Return every line of the data below, exactly.

***** Exercise material

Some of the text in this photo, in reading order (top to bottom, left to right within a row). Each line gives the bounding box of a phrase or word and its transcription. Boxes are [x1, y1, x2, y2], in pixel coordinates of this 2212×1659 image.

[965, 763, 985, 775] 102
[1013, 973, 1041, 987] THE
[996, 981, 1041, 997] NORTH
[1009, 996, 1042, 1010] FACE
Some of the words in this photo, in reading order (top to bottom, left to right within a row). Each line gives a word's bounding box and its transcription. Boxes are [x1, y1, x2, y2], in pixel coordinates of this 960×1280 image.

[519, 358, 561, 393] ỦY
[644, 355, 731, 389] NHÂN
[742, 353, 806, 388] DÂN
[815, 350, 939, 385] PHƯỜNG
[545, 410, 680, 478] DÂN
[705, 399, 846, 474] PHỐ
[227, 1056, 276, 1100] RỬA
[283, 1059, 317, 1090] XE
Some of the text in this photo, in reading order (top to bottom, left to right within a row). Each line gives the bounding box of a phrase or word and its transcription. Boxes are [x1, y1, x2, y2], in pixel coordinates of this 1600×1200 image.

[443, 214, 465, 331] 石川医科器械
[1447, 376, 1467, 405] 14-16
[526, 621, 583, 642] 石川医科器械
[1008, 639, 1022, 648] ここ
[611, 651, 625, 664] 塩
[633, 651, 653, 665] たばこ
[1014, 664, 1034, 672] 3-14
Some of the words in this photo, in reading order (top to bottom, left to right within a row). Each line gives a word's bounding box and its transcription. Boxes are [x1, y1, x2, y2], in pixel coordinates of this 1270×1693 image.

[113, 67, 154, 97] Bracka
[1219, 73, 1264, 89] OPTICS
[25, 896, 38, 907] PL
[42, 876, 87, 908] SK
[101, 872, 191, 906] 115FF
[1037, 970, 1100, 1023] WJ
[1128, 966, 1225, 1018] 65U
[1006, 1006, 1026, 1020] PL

**********

# Expected output
Some of the text in this photo, in reading order (top to bottom, left to right within a row). Each line gives the bounding box of a phrase or word and its transcription. Boxes are [x1, y1, x2, y2], in pixel coordinates of this 2212×1659 image.

[965, 763, 985, 775] 102
[1013, 973, 1041, 987] THE
[996, 981, 1041, 997] NORTH
[1009, 996, 1042, 1010] FACE
Some of the words in this photo, in reading order (top to bottom, left to right within a row). Each line gives a word's bounding box and its transcription. Boxes are [x1, y1, x2, y2], in pixel coordinates of this 960×1280 image.

[519, 358, 561, 393] ỦY
[644, 355, 731, 389] NHÂN
[742, 353, 806, 388] DÂN
[815, 350, 939, 385] PHƯỜNG
[545, 410, 680, 478] DÂN
[705, 399, 846, 474] PHỐ
[227, 1056, 276, 1100] RỬA
[283, 1059, 317, 1090] XE
Some of the text in this photo, in reading order (top to bottom, left to right within a row). Each line gives the bounding box of a phrase or word and its transcription. Boxes are [x1, y1, x2, y2], in pixel coordinates of this 1600×1200 image.

[443, 214, 465, 331] 石川医科器械
[1447, 376, 1467, 405] 14-16
[526, 621, 583, 642] 石川医科器械
[1008, 639, 1022, 648] ここ
[611, 651, 625, 664] 塩
[633, 651, 653, 665] たばこ
[1014, 664, 1034, 672] 3-14
Some of the words in this photo, in reading order (top to bottom, left to right within a row). Each line gives a word's bounding box and its transcription. Boxes are [x1, y1, x2, y2], in pixel coordinates of this 1270×1693 image.

[113, 67, 154, 97] Bracka
[1219, 73, 1264, 89] OPTICS
[25, 896, 38, 907] PL
[42, 876, 87, 908] SK
[101, 872, 191, 906] 115FF
[1037, 970, 1100, 1023] WJ
[1128, 966, 1225, 1018] 65U
[1006, 1006, 1026, 1020] PL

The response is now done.